The Art of Memorial Making

Posted by Victoria Ford On July - 25 - 2012

What do we tell our children?

It’s one of many questions being asked this summer in light of the recent event in Aurora, CO, where a dozen were murdered and 58 wounded during the theater tragedy which took place at midnight this past Friday.

Crosses as memorials in Aurora, CO.

And it’s a familiar question, one I remember—with little ease—almost eleven years ago, when our country was as similarly wounded and roused as we are now.

The potency of this moment in each of our lives is something I can’t ignore. No longer is this a question addressing the eight-year-old shadow of myself from 2001, as much as it is one I’ve begun to ask myself.

How do we carry this? What can I do?

Without a doubt, I am not alone. Take a walk down the street and look closely: Many have dressed themselves in the burdens of pain caused by this tragedy. All compelled to create something in response, to take some sort of action—be it, in this case, the candlelight vigil, the countless crosses erected into the ground and decorated by floral arrangements, the memorial t-shirt designed to raise money for the grieving families of each victim.

I suppose it is, to some degree, it’s our 21st century style of memorial making. It is our process toward confronting what we tell our children, just as much as it is a way to tackle what we will leave our children with in tragedy’s wake.

Erika Doss, the author of Memorial Mania, puts it eloquently:

“Today’s growing numbers of memorials represent heightened anxieties about who and what should be remembered in America…shaped by the affective conditions of public life in America today: by the fevered pitch of public feelings such as grief, gratitude, fear, shame, and anger.”

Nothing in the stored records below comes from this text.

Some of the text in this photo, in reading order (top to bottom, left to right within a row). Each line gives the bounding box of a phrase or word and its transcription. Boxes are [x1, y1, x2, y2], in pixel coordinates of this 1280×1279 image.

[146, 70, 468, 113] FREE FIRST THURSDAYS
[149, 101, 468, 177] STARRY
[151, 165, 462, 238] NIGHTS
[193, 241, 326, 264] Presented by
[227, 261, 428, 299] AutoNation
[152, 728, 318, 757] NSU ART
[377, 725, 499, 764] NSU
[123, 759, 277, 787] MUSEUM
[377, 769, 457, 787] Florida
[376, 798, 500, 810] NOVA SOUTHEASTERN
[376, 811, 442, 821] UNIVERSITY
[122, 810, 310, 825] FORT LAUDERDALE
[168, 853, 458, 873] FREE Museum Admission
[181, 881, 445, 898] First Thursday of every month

This term, “memorial mania,” is defined by Doss as “an obsession with issues of memory and history and an urgent desire to express and claim those issues in visibly public contexts.”

It’s not a new theory as much as it is an ancient one.

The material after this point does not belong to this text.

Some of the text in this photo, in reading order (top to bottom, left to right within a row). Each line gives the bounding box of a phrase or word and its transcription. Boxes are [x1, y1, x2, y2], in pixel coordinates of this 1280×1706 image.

Memorials can be broken down into two categories: “Spontaneous Memorials,” which sprout as an initial reaction to unanticipated events and/or violent loss of life, and “Traditional Memorials,” which often illuminate a time of war, the role of an individual in society, or a celebration of progress.

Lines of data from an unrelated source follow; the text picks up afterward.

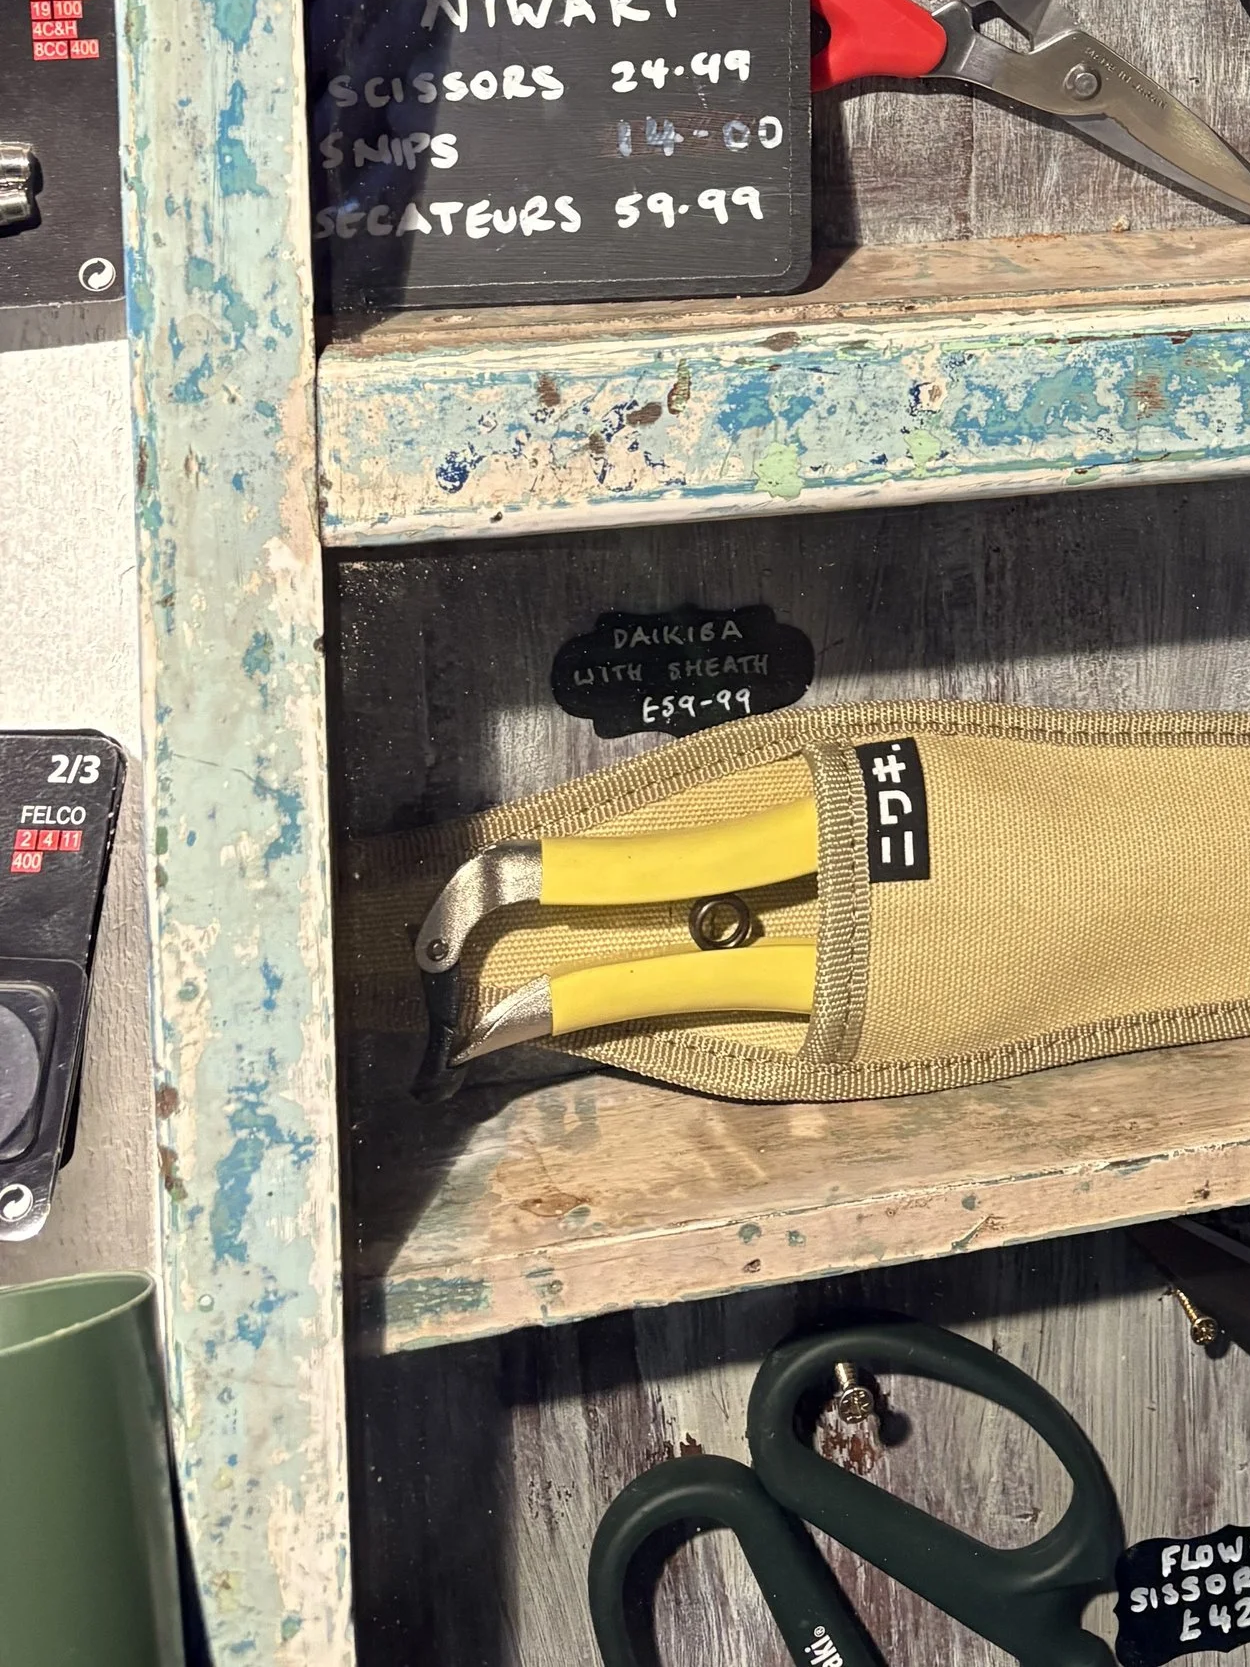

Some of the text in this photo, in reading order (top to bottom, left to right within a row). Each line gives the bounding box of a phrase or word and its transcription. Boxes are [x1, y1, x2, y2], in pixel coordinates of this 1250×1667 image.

[33, 1, 82, 17] 19 100
[32, 21, 77, 37] 4C&H
[34, 40, 98, 57] 8CC 400
[328, 64, 565, 108] SCISSORS
[320, 131, 459, 170] SNIPS
[315, 186, 763, 239] SECATEURS 59.99
[573, 653, 769, 685] WITH SHEATH
[47, 754, 101, 784] 2/3
[20, 805, 87, 825] FELCO
[20, 831, 78, 848] 2 4 11
[12, 853, 42, 870] 400

Certainly, I’d be remiss not to mention the difficulty that does come with our obsession. From the many desecrations of Christopher Columbus’s memorial in this country and of leaders in other nations during times of war to the even more recent arguing over the proposed design of the Eisenhower memorial by Frank Gehry, memorials (specifically traditional) are a serious endeavor.

They are the artifacts of our history-making, as well as the revisions. They are the evidence and oftentimes opinion of our past, present, and future.  And as Doss hints, the power they possess in many ways makes them mortal.

So mortal, I would suggest, that the very definition of what a memorial is has expanded. While we are in an age of rapid communication and development, our lines of social network have become sites of virtual movements, shrines, and cenotaphs that cradle our losses in the same ways our national monuments and statues have done for generations.

The significant difference we should make note of is not authenticity, as many feel the Internet cheapens our intentions, but it is participation. Technology has provided us another way to memorialize, massively and communally across the world.

I admit, it could very well be that since living in Washington, D.C., this summer I’ve merely been riding a euphoric wave from the subtle power each memorial in the district ignites within my soul.

I was born in a Southern city full of memorials. From Graceland to Slave Haven/Burkle Estate to Elmwood Cemetery, my roots from Memphis are steeped in a tradition of collective commemoration.

And at five, I remember my first visit to the Civil Rights Museum. The tour functions as a symbolic journey parallel to Dr. Martin Luther King, Jr.’s experience, taking you through the beginning of the Civil Rights movement with videos, paintings, and pictures, until you end your visit, at last, in the physical Lorraine Motel, the room and balcony where Dr. King took his last breath that April night.

On that day, after I asked my mother if Dr. King would come into the room to speak to us, I watched her explain to me with a smile and tears why he would not.

I know not everyone will have this experience. I know also that a virtual tour on the Internet cannot replace it. These are not the points I’m trying to make.

We live in an era where anyone can create a memorial, which by definition means anyone can catalog a piece of history they find unshakeable and immensely important. With that type of influence, I believe to the bottom of my being that memorial making is one of the most powerful conditions our society toils with today.

Rather than discussing how we should speak to and at our children, then, as if to somehow avoid the obvious fact that we are also affected, is futile. We must encourage and engage with them in creating.

We must show them and each other that this manic desire to capture our most immeasurable moments of joy and loss, sorrow and fury is genetically embedded in us. That it is the very thing which has and will free us, educate us, and unite us.